The Bulgars invaded and soon dominated the Balkans in the 7th century. They accepted Christianity under Tsar Boris I in the 9th cetury. Tsar Simeon greatly expanded Bulgarian territory in the 10th century. The Christian kindoms in Bulgaria and the rest of the Balkans were conquered by the Ottomon Turks in the 14th and 15th centuries. The Bulgarian royal dynasty was restablished in the 19th century after the decline of Ottomon rule. A member of the German royal family was selected for the Bulgarian monarchy.


The Bulgarian monarchy was one of the most recently established in Europe. Bulgarian history, however, extend unto the era of ore-history and is inter-woven with the tumultuous history of the Balkans. One complication in studying Bulkgarian history is that the area now referred to as modern Bulgaria has been inhabited by many different peoples.

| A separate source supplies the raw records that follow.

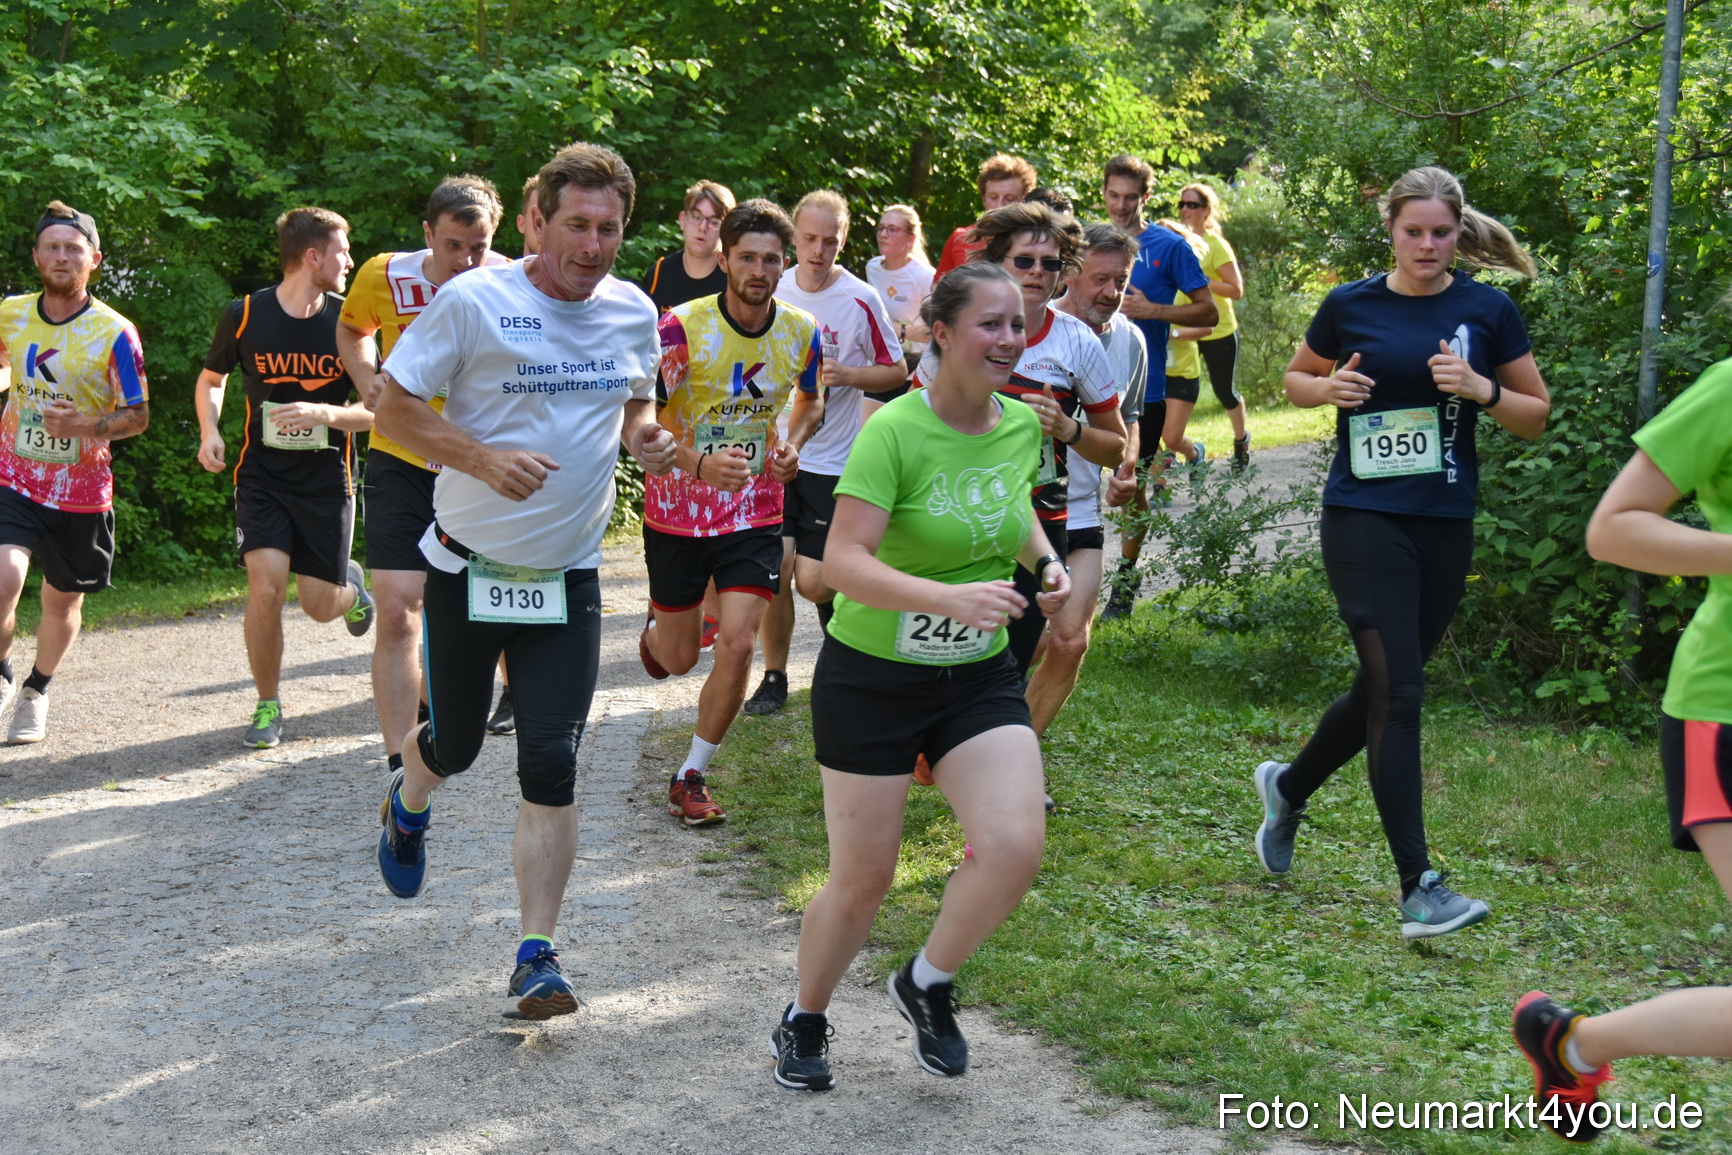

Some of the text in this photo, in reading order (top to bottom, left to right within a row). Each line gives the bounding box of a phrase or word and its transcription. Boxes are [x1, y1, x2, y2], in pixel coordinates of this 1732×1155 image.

[500, 316, 542, 330] DESS
[502, 329, 542, 337] Transporte
[502, 335, 542, 343] Logistik
[254, 352, 267, 374] BIT
[266, 352, 345, 378] WINGS
[517, 359, 616, 376] Unser Sport ist
[502, 376, 629, 395] SchüttguttranSport
[24, 427, 73, 452] 1319
[1361, 432, 1427, 459] 1950
[1375, 458, 1399, 466] Tresch
[489, 585, 545, 610] 9130
[919, 641, 977, 651] Haderer Nadine

Archeologists have found artifacts from primitive people living in the area of modern Bulgaria during the Neolithic era (40,000-10,000 BC). Bulgaria has a black Sea coast with it shares with several other countries. Many archeologists believe that the Neolithic people that lived along the coast were decimated by a great flood at the close of the last age when the higher level Mediterrean broke through what is now the Dardenelles/Bosporous to flood the Black Sea basin. Some archeologists believe that this may be the origins of the Great Flood tradition which many peoples of the Middle East (including the Hebrews) report in their traditions. The Thracian people from the east moved into the Thrace Valley of modern Bulgaria (about 3000 BC). The Thracians were cattle herders, but they were notble for ceramics and metal working (gold and copper). They traded with the neighboring people of the Balkans at the time: Dacians (Romania), Mycenneans (Greece/Crete), Illyrians (Albania) and the Macedonians (southern Bulgaria/Northern Greece/southern Yugoslavia).The Thracians initially controlled an area extending west to the Adriatic, but over time were pushed east and north by the Illyrians (1300 BC) and Macedonians (500 BC). Greek colonies such as Byzantium were founded, but the Thracians did not become Helenized.

Ancient history

Bulgarian history has been dominated by the location of Bulgaria on a crossroads between Europe and Asia. Waves of migrations swept back and forth from both Asia and Europe turing the plains of Thrace, Moesia, Macedonia and the Balkan mountains into intensly contested battlefields. The area now known as Bulgaria has been settled by many different peoples. the Odrysses, established the first sophisticated Thracian state (about 300 BC). It was centered on the area of modern Bulgaria for two centuries. They fought off invasions from northern and eastern peoples (Scythians, Sarmatians, and Celts). Philip II of Macedonia conquered souther Thrace (342 BC). The Macedonians under Alexander foused their attention on Persia and Asia. Lycimachus ruled much of the refion (after 323 BC). After finally destroying Cathage, the Romans expanded east, moving into Greece and the rest of the Balkans. The key battle was Cynoscephalae (197 BC) in which the Romans defeated Philip V of Macedonia. The Roman also targeted Thrace and had conquered the area (1st century BC). Spartacus who led the last of the Sevile Wars was a Thracian. Thrace prospered within the Empire, but was afected by the Batbarian invasuons (3rd century AD). The Visigoths, Huns and Ostrogoths moved into the area and many Thracian villages and Romanized towns were burned and plundered. When the Roman Empire split, the Balkans became a part of the Eastern or Byzantine Empire. A Visagothic army at Adrianople (378 AD) decisively ended Roman control over Thrace. With the decline of Roman military power, invasions by Barbarians tribes, especially the Huns, driven west by the Chinese, left Bulgaria a devastated wasteland. The Huns in particular devestated large areas of Thrace as tactic to demand more tribute from the Byzantines.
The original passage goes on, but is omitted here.